Figure 1. Identifying subunits in the asymmetric units.

Figure 1

Open in a new tab

(A) The asymmetric unit of the closed form contains two CCT particles, each with 2 rings of 8 subunits, colored by subunit type; they are related by a perfect non-crystallographic dyad. There are 2,580,480 (=8!×8×8) possible models of the entire asymmetric unit. Each model can be described by a 32-letter string, where each letter denotes the subunit type in a certain position. Latin letters (A,B,G,D,E,Z,H,Q) stand for subunits CCT1 to CCT8.

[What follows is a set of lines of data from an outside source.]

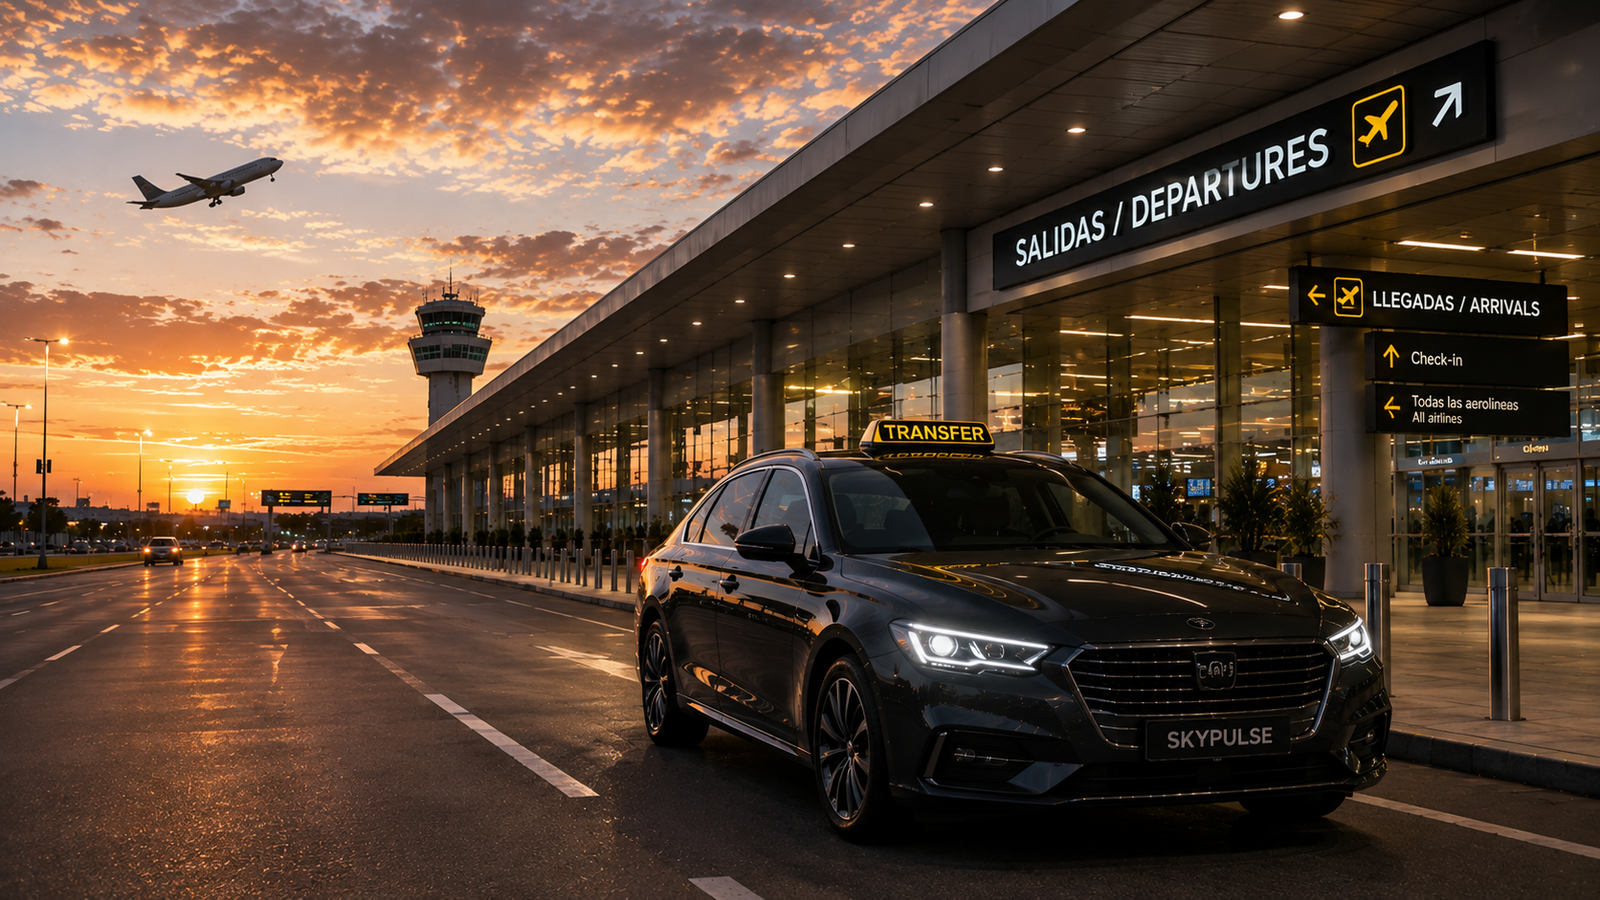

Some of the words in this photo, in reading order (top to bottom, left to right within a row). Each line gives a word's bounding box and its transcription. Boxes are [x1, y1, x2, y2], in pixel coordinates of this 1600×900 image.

[1015, 210, 1106, 267] SALIDAS
[1112, 201, 1124, 237] /
[1131, 127, 1330, 229] DEPARTURES
[1373, 290, 1455, 312] LLEGADAS
[1458, 295, 1467, 313] /
[1469, 297, 1541, 317] ARRIVALS
[1411, 351, 1463, 367] Check-in
[1411, 395, 1445, 408] Todas
[1447, 396, 1463, 409] las
[1465, 398, 1519, 411] aerolineas
[1412, 411, 1425, 423] All
[883, 424, 985, 441] TRANSFER
[1166, 726, 1274, 749] SKYPULSE

(B) The R-value (calculated by SFCHECK, Vaguine et al. 1999) histogram for all 2,580,480 models reveals one model (N) to best fit the crystallographic data. Previously reported subunit arrangements, PW (Dekker et al., 2011) and LFC (Cong et al., 2010), are not distinguished.

(C) A consensus string of the 10 left-most models from the histogram is identical to the model with the best R-value.

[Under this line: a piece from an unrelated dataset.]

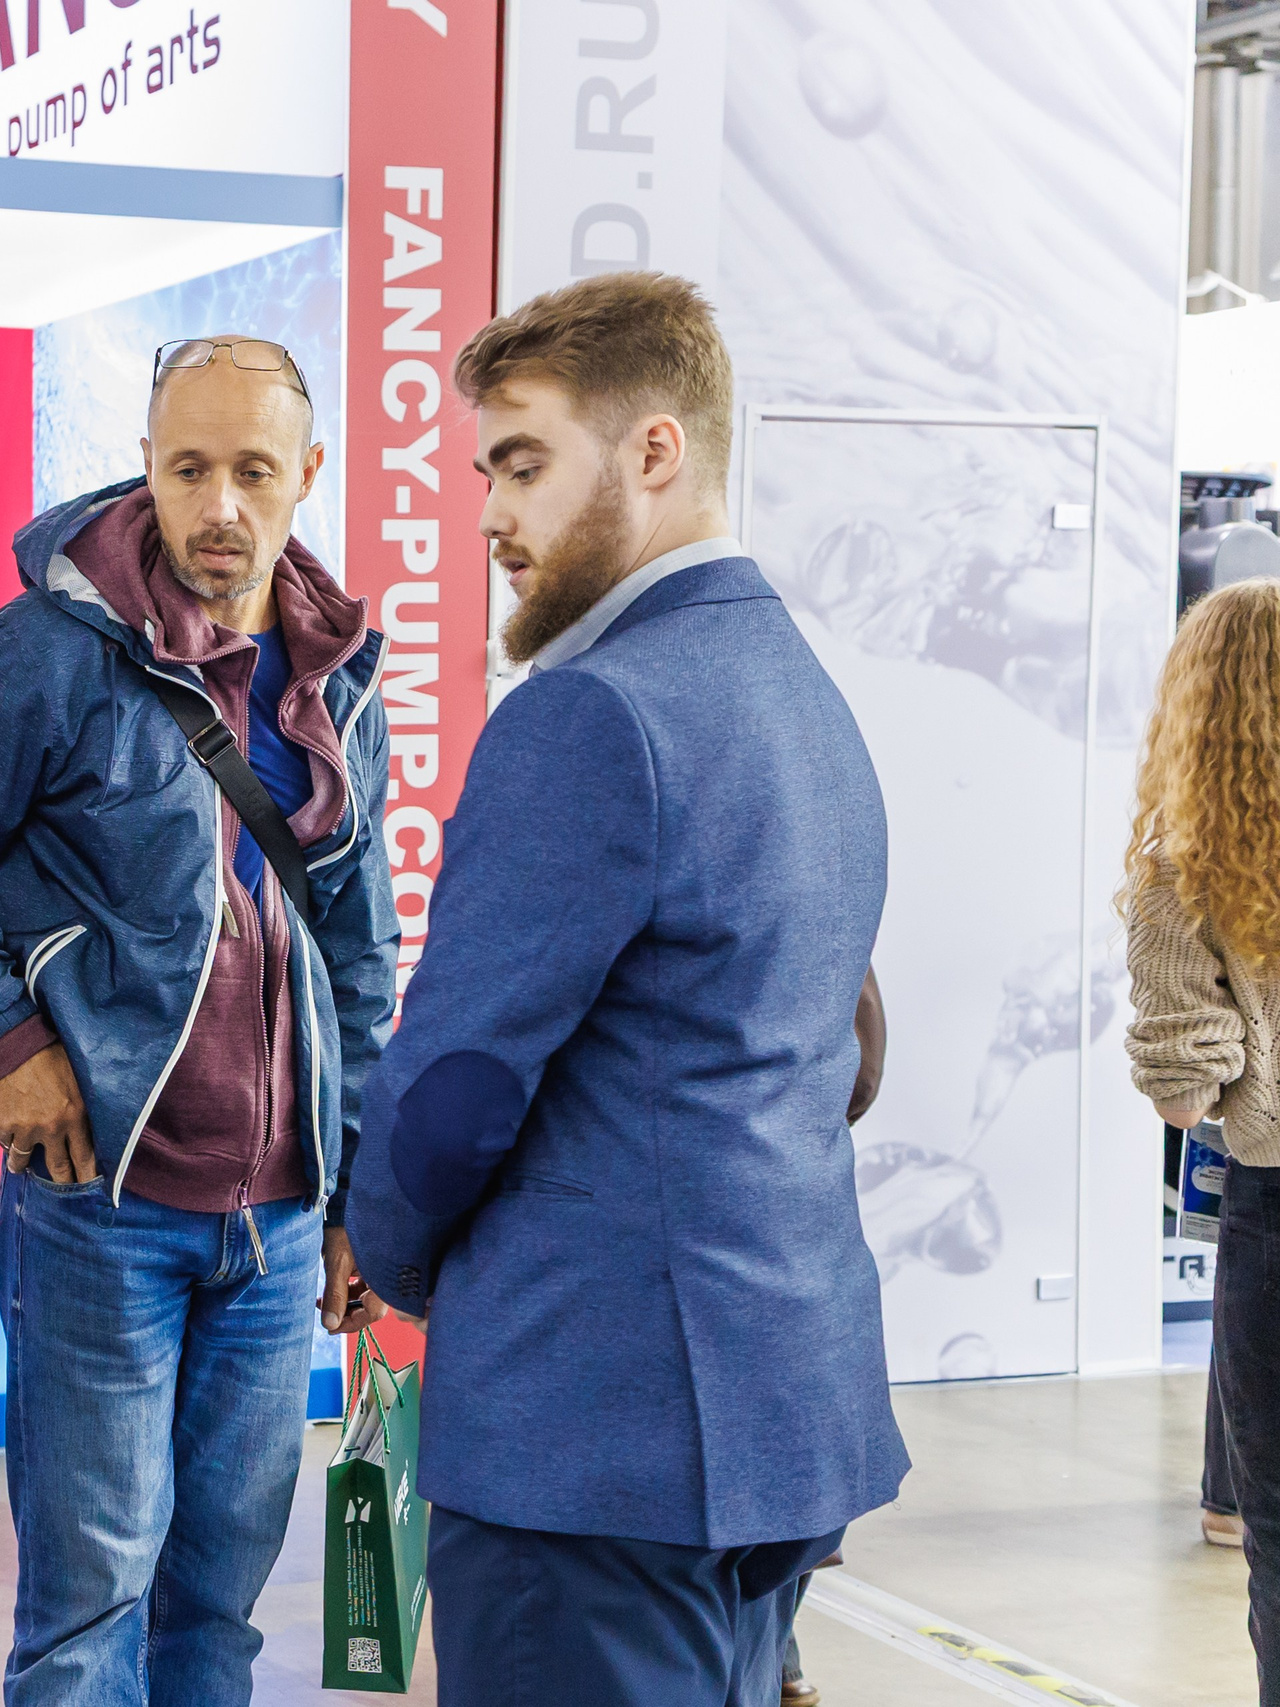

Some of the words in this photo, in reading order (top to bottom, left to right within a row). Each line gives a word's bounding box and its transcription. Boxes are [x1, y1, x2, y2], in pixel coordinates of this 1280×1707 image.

(D) The crystal asymmetric unit of the open form contains one CCT particle with 322,560 (=8!×8) possible models.

(E) The R-value histogram in this case is not as clear cut due to the lower resolution. The model (N) with the same subunit arrangement as for the closed form has a low R-value.

(F) The consensus of the 10 left-most models from the histogram is identical to the closed form consensus in 12 out of the 16 positions.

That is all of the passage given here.